Have a look on dogfoodadvisor.com it is an American site that rates all types of dog foods. Look up 5 star wet foods and see if any of them sound familiar to you, I am sure some must be available in Australia. Even if not, it is a great place to start learning about what to look for in a dog food and what to avoid, so you can start reading the labels on the foods that are available to you in an informed way.
I was going to suggest Ziwi Peak too, both the air dried and canned are great products, far superior to kibble IMO.
Kibble is a multi million dollar industry, for 60 years they have put a lot of money and effort into convincing us that kibble is the best way to feed our dogs so we will buy their products. In theory it would be possible to make a human kibble containing every nutrient we need in a crunchy nugget, but we wouldn't choose to eat it would we?
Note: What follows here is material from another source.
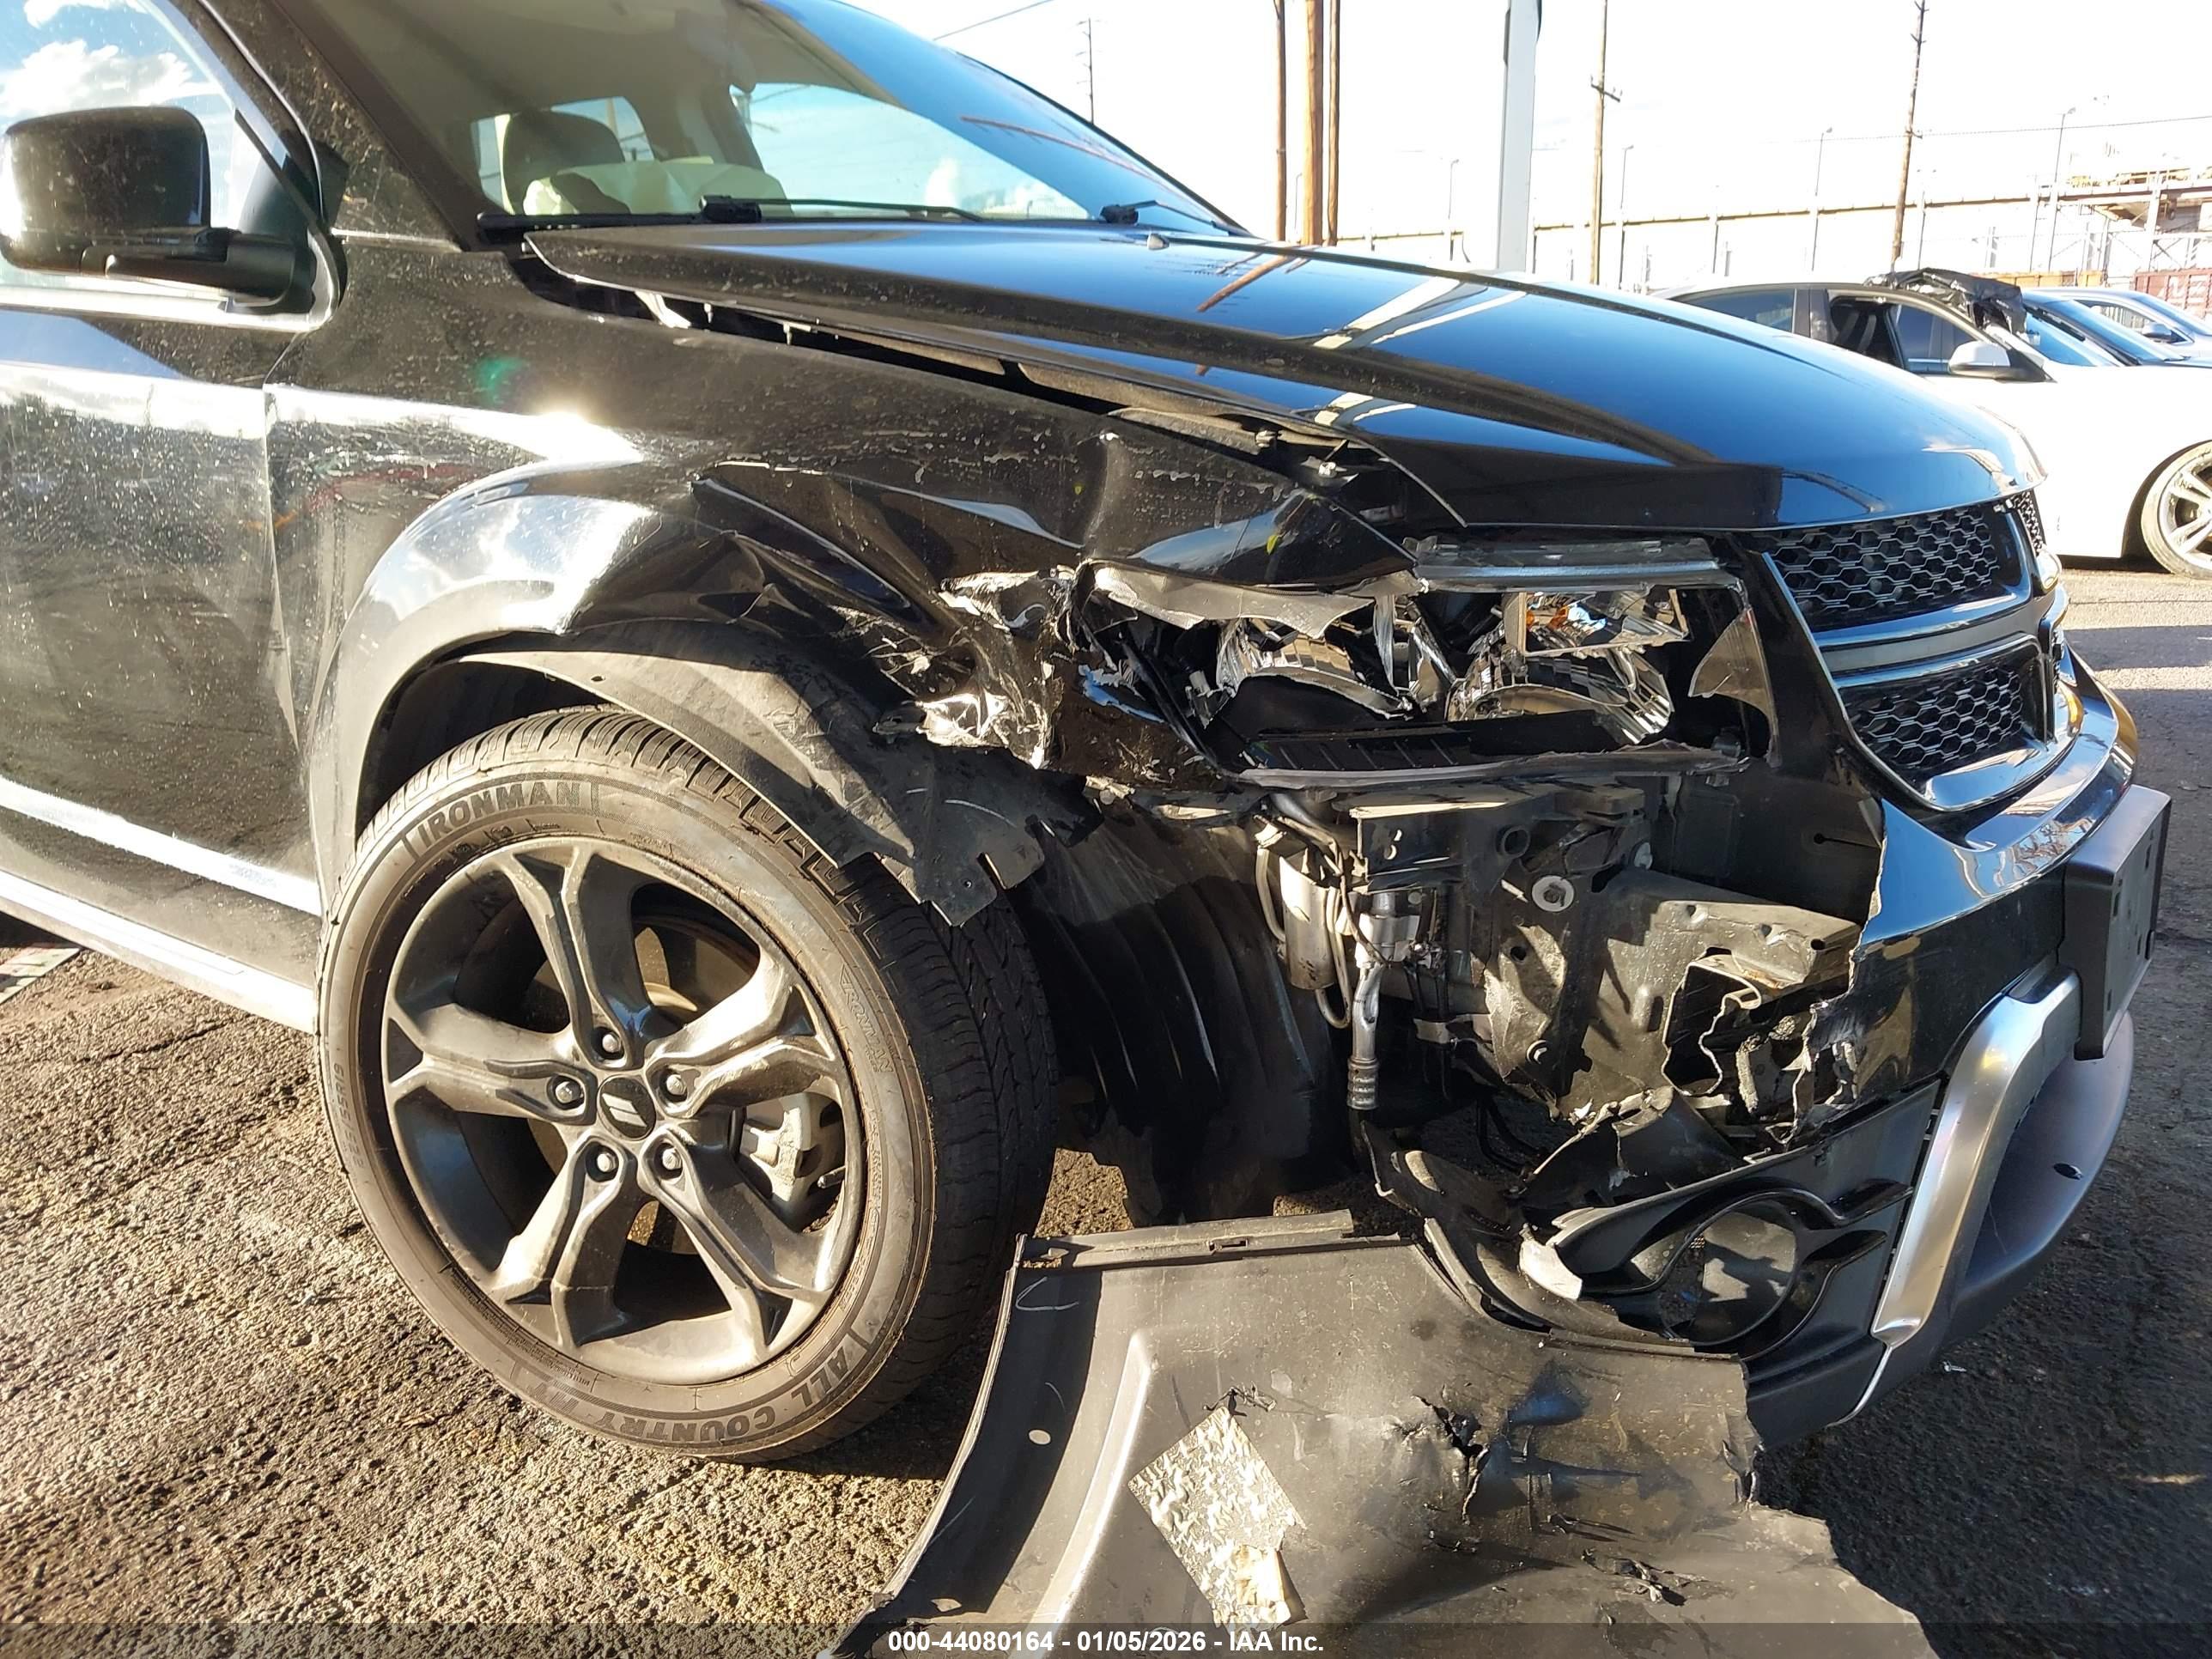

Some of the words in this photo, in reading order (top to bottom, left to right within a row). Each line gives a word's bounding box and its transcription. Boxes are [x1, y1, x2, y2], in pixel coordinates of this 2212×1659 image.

We wouldn't see it as a viable replacement for real food, and it is exactly the same for dogs.


----------



## shamrockmommy (May 11, 2012)

Cookie gets ½ and ½ (dry/canned) but there have been periods of time where I did only canned for her and she did great. She gets a carrot "toothbrush" after she eats and along with brushing with petzlife tooth gel, her teeth are staying clean and white. 
(I've had several very bad experiences with raw, so not going to go that route.)


----------



## Onyx (Nov 28, 2011)

I also feed 1/2 kibble 1/2 canned. Best of both worlds. Onyx is 6.5 years old with perfect teeth. This is because I take care of her teeth. I use Petzlife gel after her morning and evening meals. Keep in mind genetics plays a big role in the condition of your dog's teeth too.

No raw for us either. I've had nothing but several bad experiences there. So she gets The Honest Kitchen Beams twice a week to chew on. I like them since they're simply dehydrated fish skins, low fat, and fully edible. Plus Onyx goes nuts for them.


----------